Unwetter

Tornados wirbeln Lastwagen durch die Luft

Mehrere Verletzte nach schweren Stürmen in Texas

- Im US-Bundesstaat Texas haben Tornados schwere Schäden angerichtet. Mindestens zwei Wirbelstürme zogen am Dienstag durch die Metropolregion Dallas/Fort Worth, deckten Häuser ab und wirbelten Lastwagen wie Spielzeug durch die Luft, wie der US-Wetterdienst mitteilte. Wie durch ein Wunder gab es in dem Gebiet mit seinen rund sechs Millionen Einwohnern keine Toten. US-Medien berichteten lediglich von Verletzten.

"Wir haben Glück gehabt", zitierte der Sender CNN am Mittwoch Robert Cluck, Bürgermeister von Arlington, einem Vorort von Dallas. Hier seien zwar mindestens 150 Häuser beschädigt oder zerstört worden. "Es regnete und hagelte wie verrückt, plötzlich aber stoppte der Niederschlag - und dann brachen die Tornados über uns herein", berichtete der Augenzeuge Jonathan Cook aus Burleson dem Sender CNN. Fernsehbilder zeigten, wie der Sturm Bäume entwurzelte, Häuser abdeckte und Schulbusse, Lastwagen sowie Zugwaggons durch die Luft schleuderte.
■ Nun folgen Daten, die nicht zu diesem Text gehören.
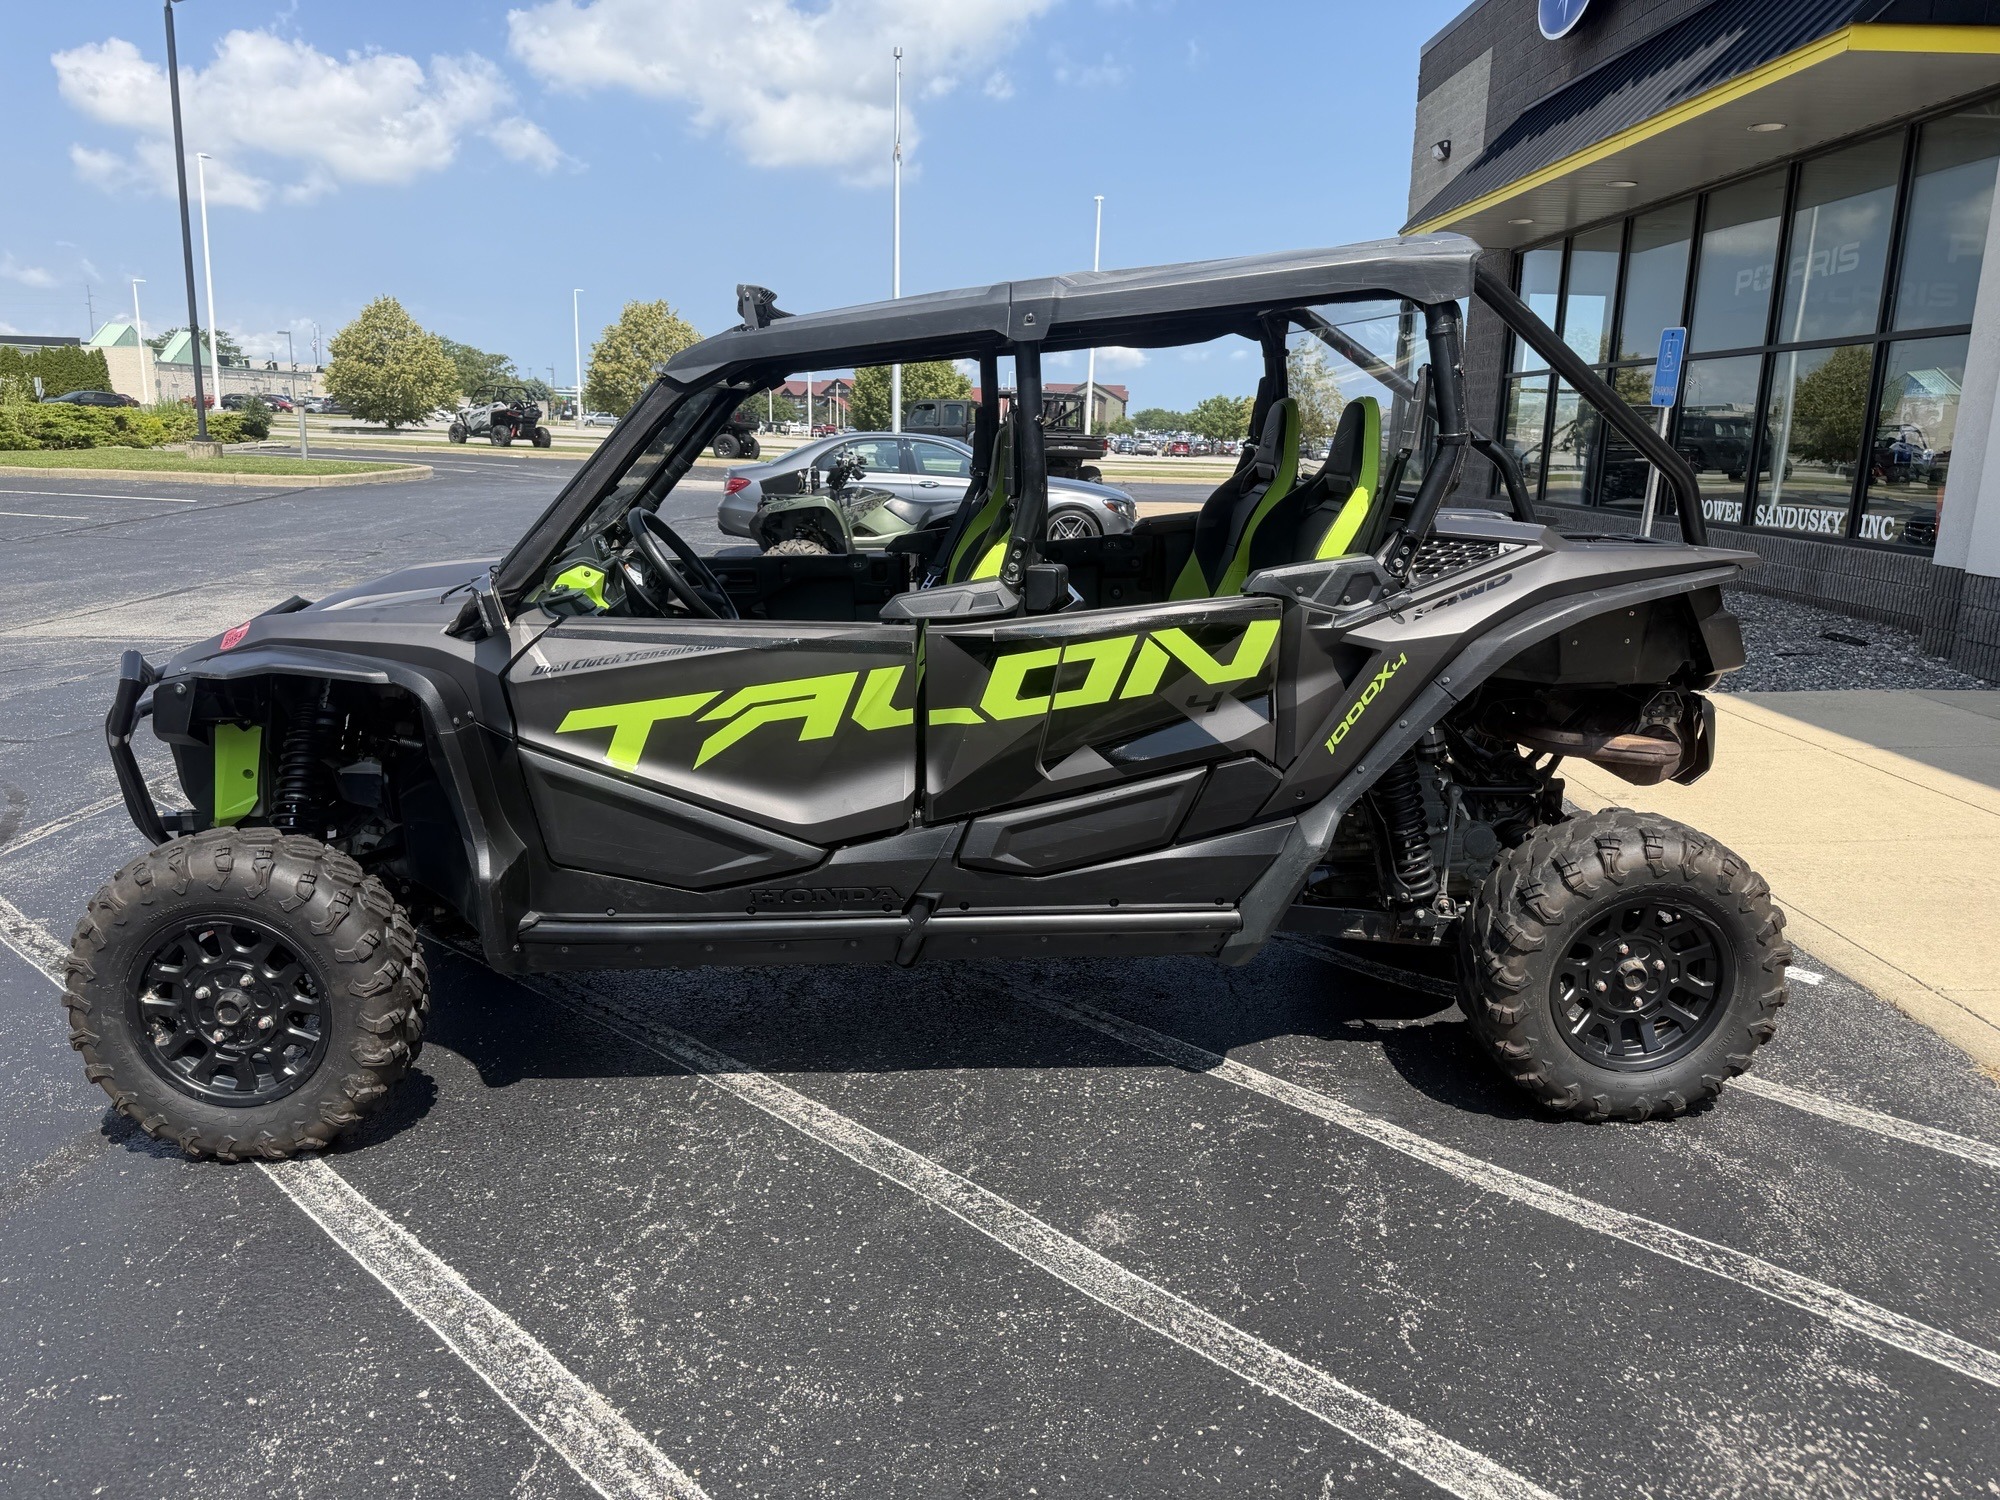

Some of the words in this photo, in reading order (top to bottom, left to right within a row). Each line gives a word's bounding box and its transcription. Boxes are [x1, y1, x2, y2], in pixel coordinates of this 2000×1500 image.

Selbst riesige Sattelschlepper flogen in die Luft, als ein Tornado ausgerechnet über ihrem Parkgelände niederging. Am internationalen Flughafen Dallas/Fort Worth wurden Hunderte Flüge abgesagt oder umgeleitet. Ein Sprecher des Flughafens teilte mit, Hagel habe mehr als 110 Flugzeuge beschädigt.

Offensichtlich hatten die meisten Einwohner die dringende Tornadowarnung des Wetterdienstes befolgt und sich rechtzeitig in Schutz begeben. Dagegen war der wirtschaftliche Schaden beträchtlich, wie die Behörden mitteilten. Anfang März waren bei einer verheerenden Tornadoserie im Mittleren Westen und im Süden der USA rund 40 Menschen ums Leben gekommen. Vor allem in den Bundesstaaten Kentucky, Indiana, Ohio und Alabama wurden ganze Dörfer buchstäblich dem Erdboden gleichgemacht.